Data records
####################

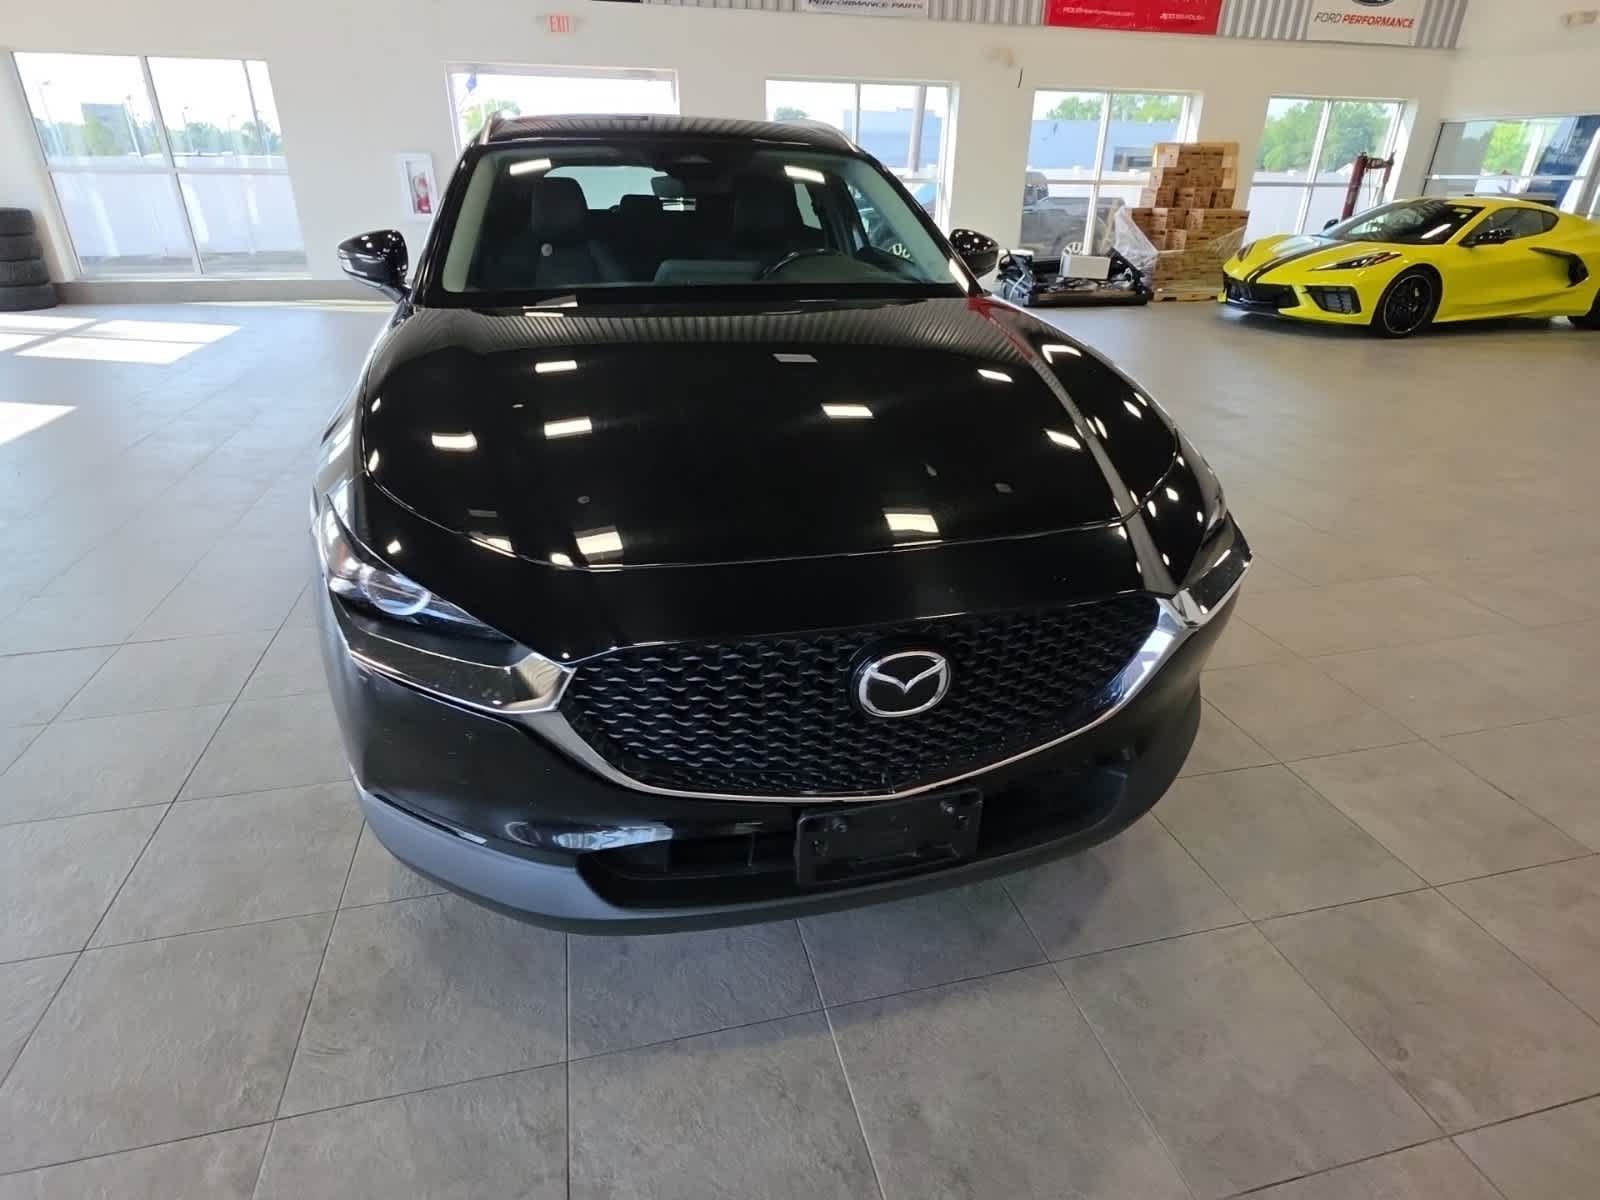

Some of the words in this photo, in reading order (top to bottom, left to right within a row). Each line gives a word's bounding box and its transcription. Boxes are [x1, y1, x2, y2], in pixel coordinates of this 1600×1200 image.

[550, 15, 570, 32] EXIT
[1315, 12, 1342, 24] FORD
[1343, 14, 1414, 28] PERFORMANCE
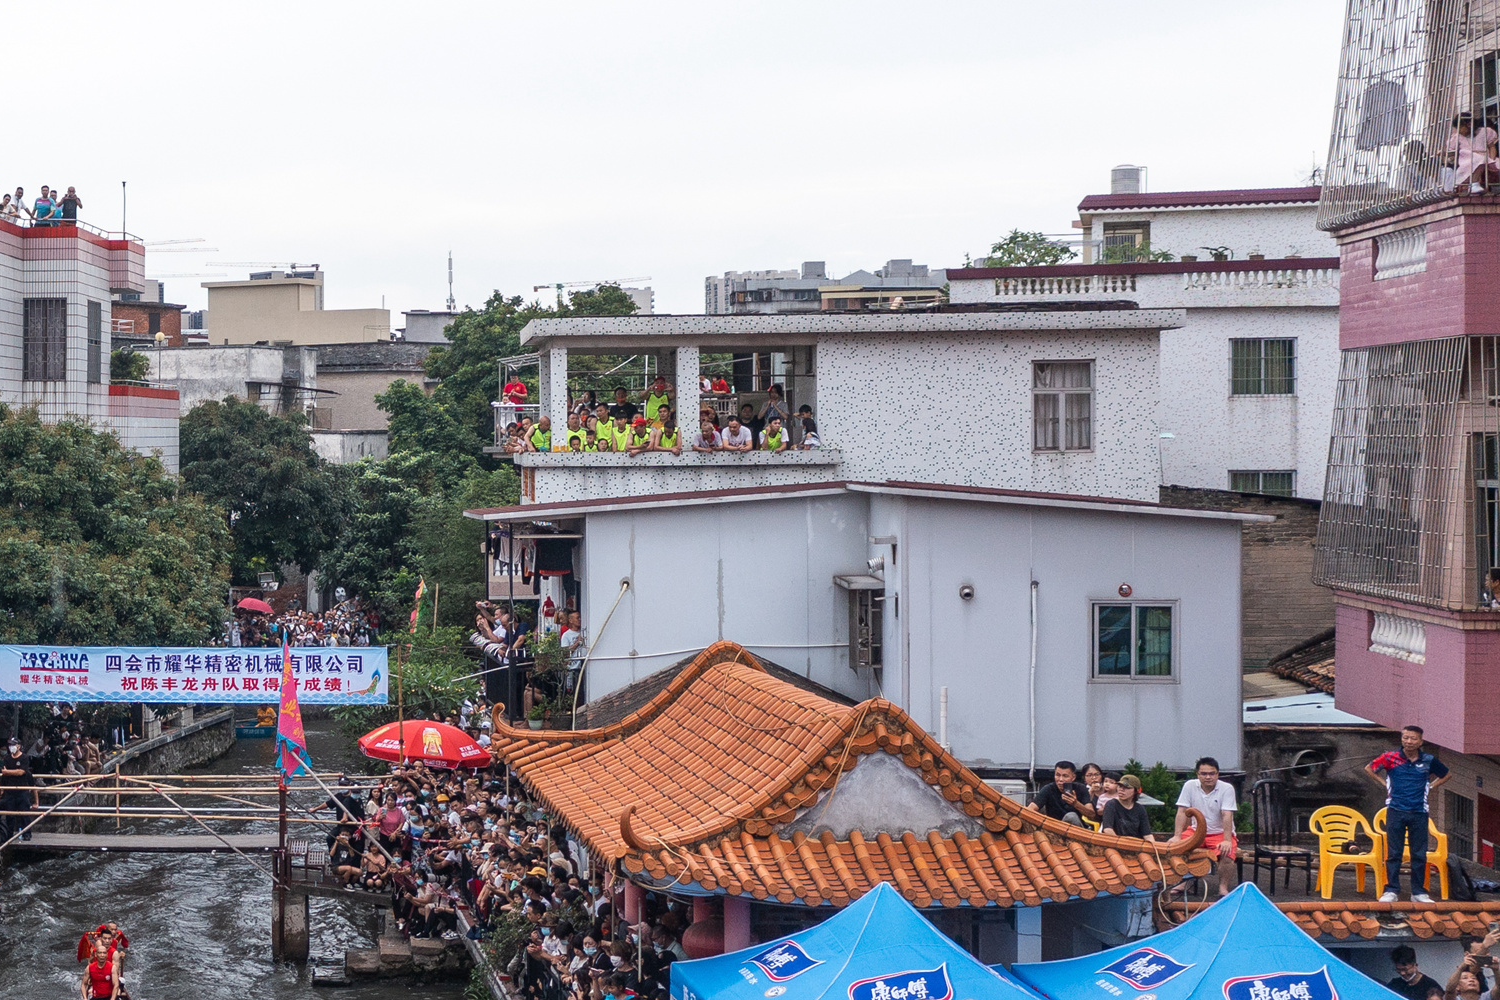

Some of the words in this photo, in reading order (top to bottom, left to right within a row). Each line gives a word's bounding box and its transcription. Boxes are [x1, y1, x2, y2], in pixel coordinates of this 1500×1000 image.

[20, 659, 89, 670] MACHINE
[19, 674, 89, 686] 耀华精密机械
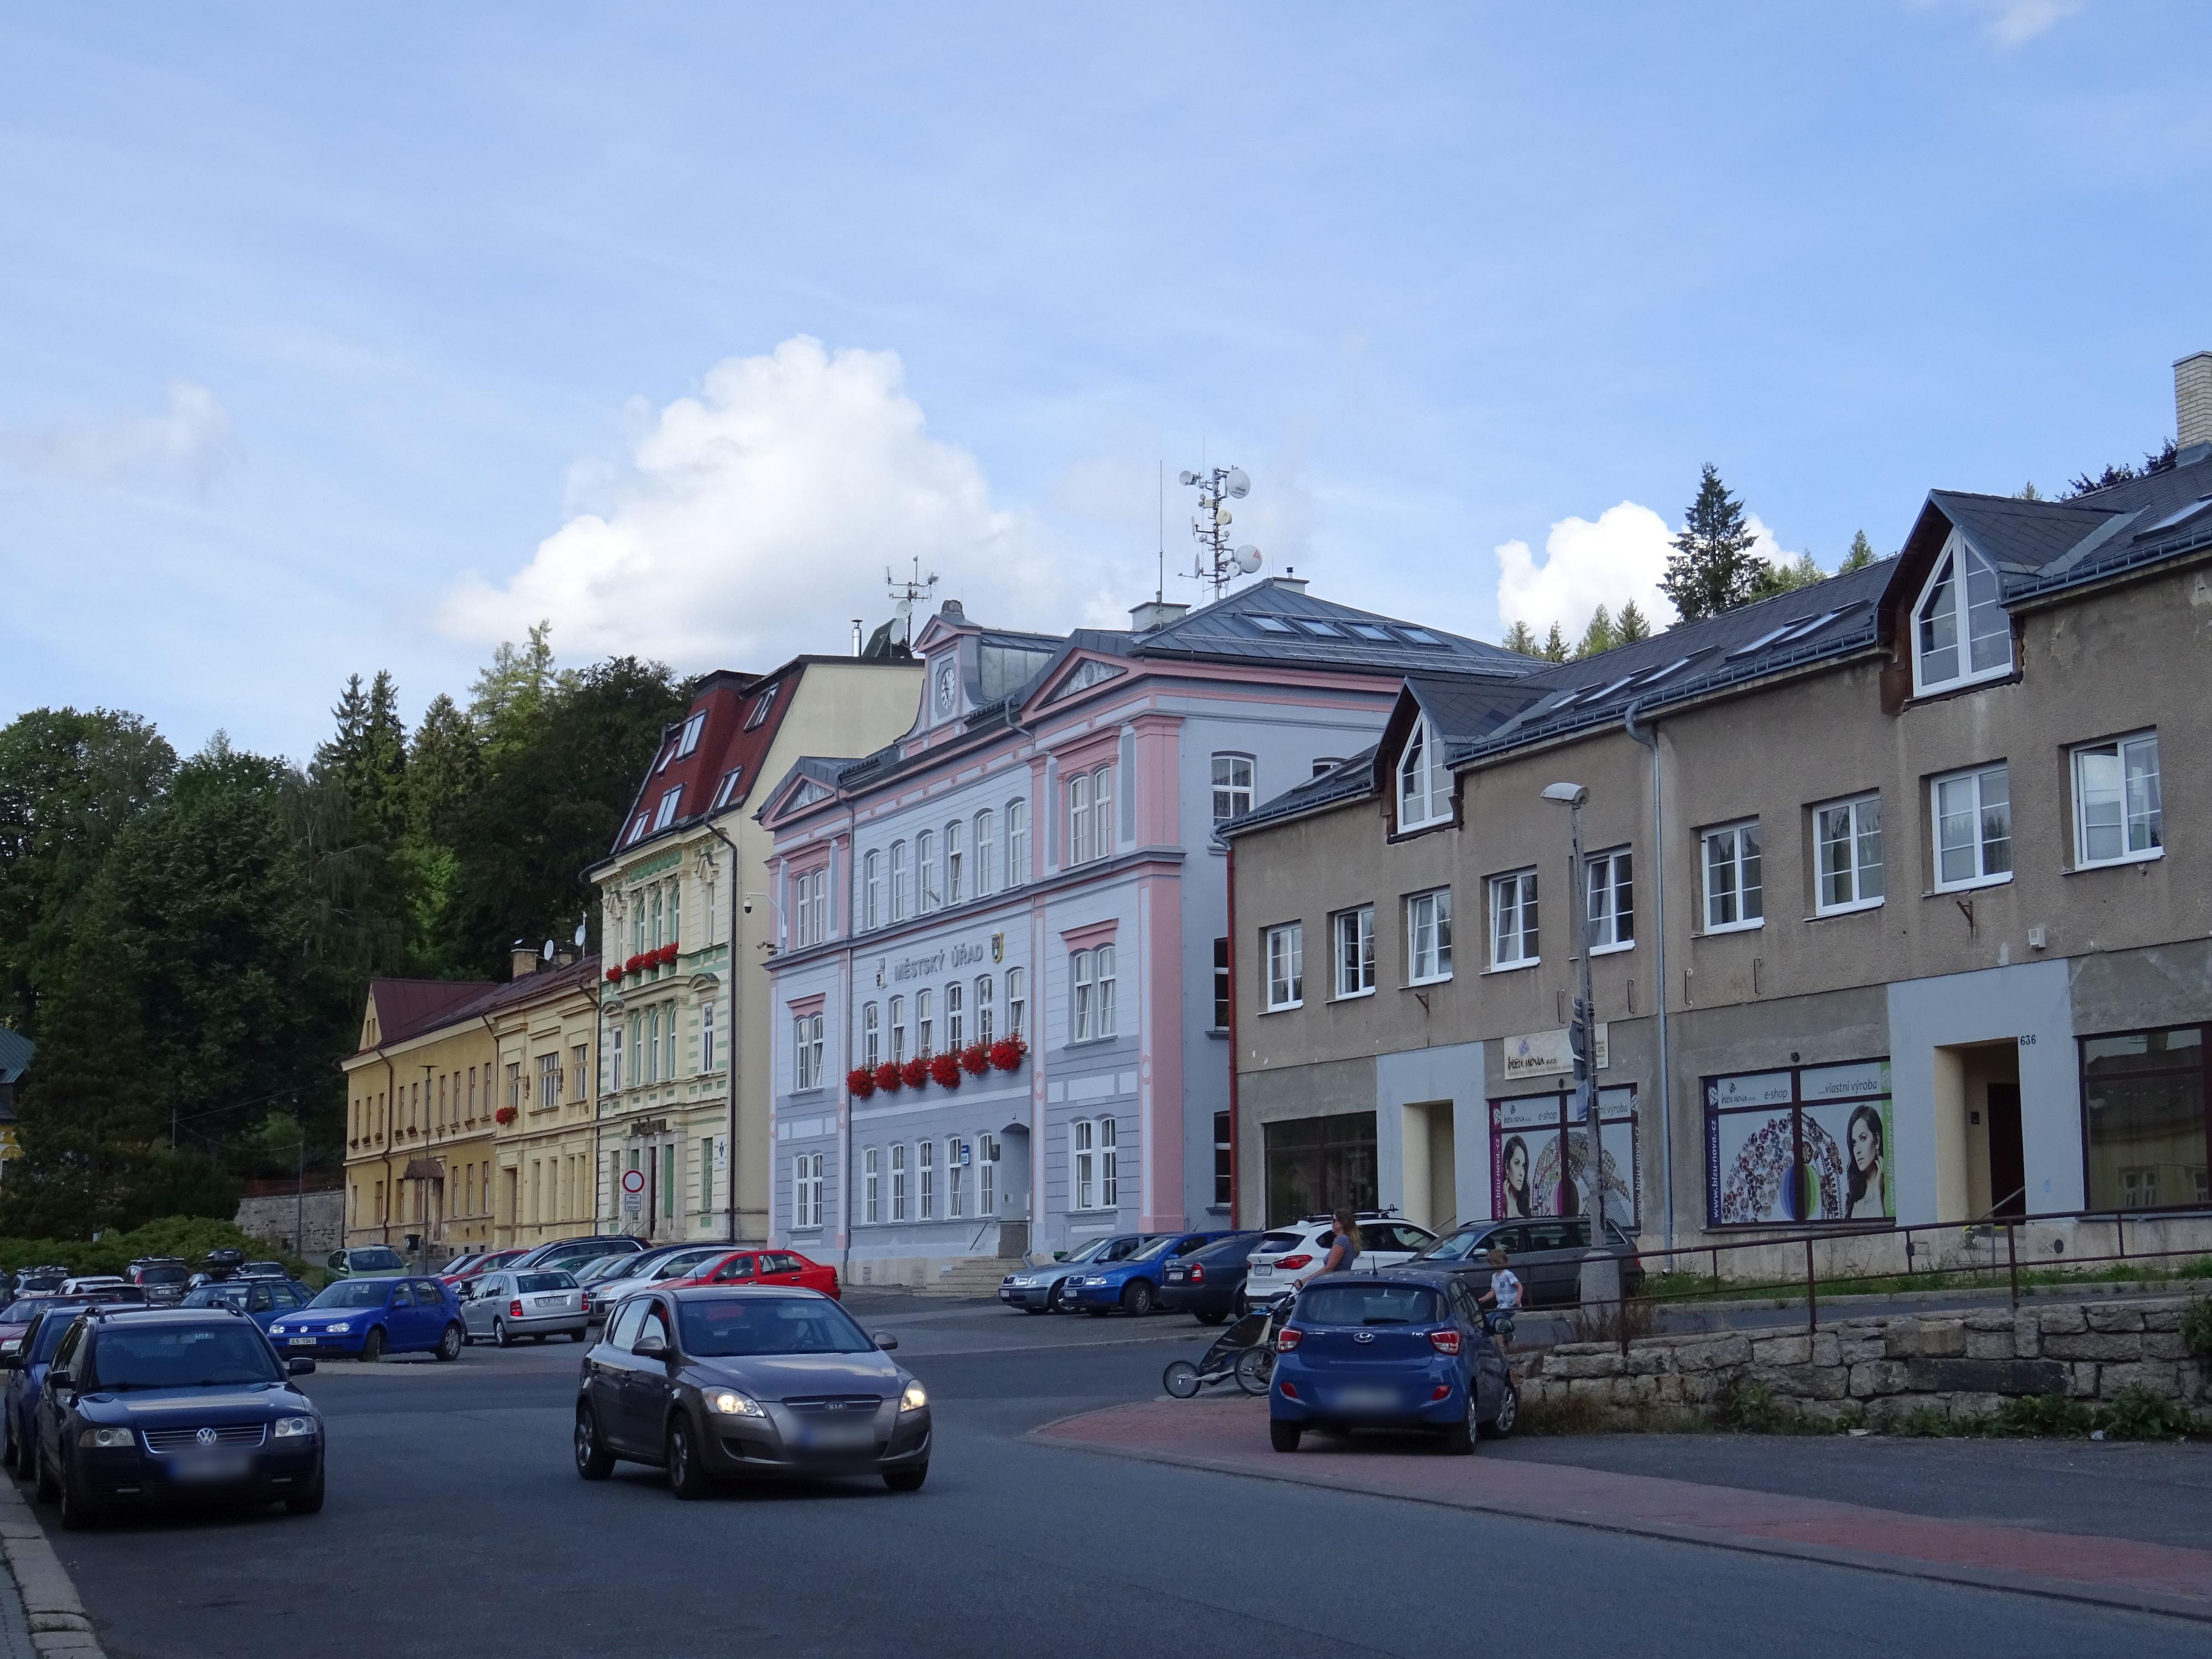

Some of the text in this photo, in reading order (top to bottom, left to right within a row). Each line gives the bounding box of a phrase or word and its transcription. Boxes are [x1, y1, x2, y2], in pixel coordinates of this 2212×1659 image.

[894, 943, 983, 982] MĚSTSKÝ ÚŘAD
[2020, 1035, 2036, 1045] 636
[1851, 1079, 1877, 1094] výroba
[1765, 1088, 1787, 1100] e-shop
[1608, 1103, 1627, 1116] výroba
[1538, 1111, 1557, 1121] e-shop

####################

- **TASK PROMPT**: Your task is a word-for-word transcription of the entries, leaving out all pictures.

- **FINISHED EXERCISE**:
Some of the words in this photo, in reading order (top to bottom, left to right within a row). Each line gives a word's bounding box and its transcription. Boxes are [x1, y1, x2, y2], in pixel coordinates of this 1600×1200 image.

[550, 15, 570, 32] EXIT
[1315, 12, 1342, 24] FORD
[1343, 14, 1414, 28] PERFORMANCE

Some of the words in this photo, in reading order (top to bottom, left to right within a row). Each line gives a word's bounding box and its transcription. Boxes are [x1, y1, x2, y2], in pixel coordinates of this 1500×1000 image.

[20, 659, 89, 670] MACHINE
[19, 674, 89, 686] 耀华精密机械

Some of the text in this photo, in reading order (top to bottom, left to right within a row). Each line gives the bounding box of a phrase or word and its transcription. Boxes are [x1, y1, x2, y2], in pixel coordinates of this 2212×1659 image.

[894, 943, 983, 982] MĚSTSKÝ ÚŘAD
[2020, 1035, 2036, 1045] 636
[1851, 1079, 1877, 1094] výroba
[1765, 1088, 1787, 1100] e-shop
[1608, 1103, 1627, 1116] výroba
[1538, 1111, 1557, 1121] e-shop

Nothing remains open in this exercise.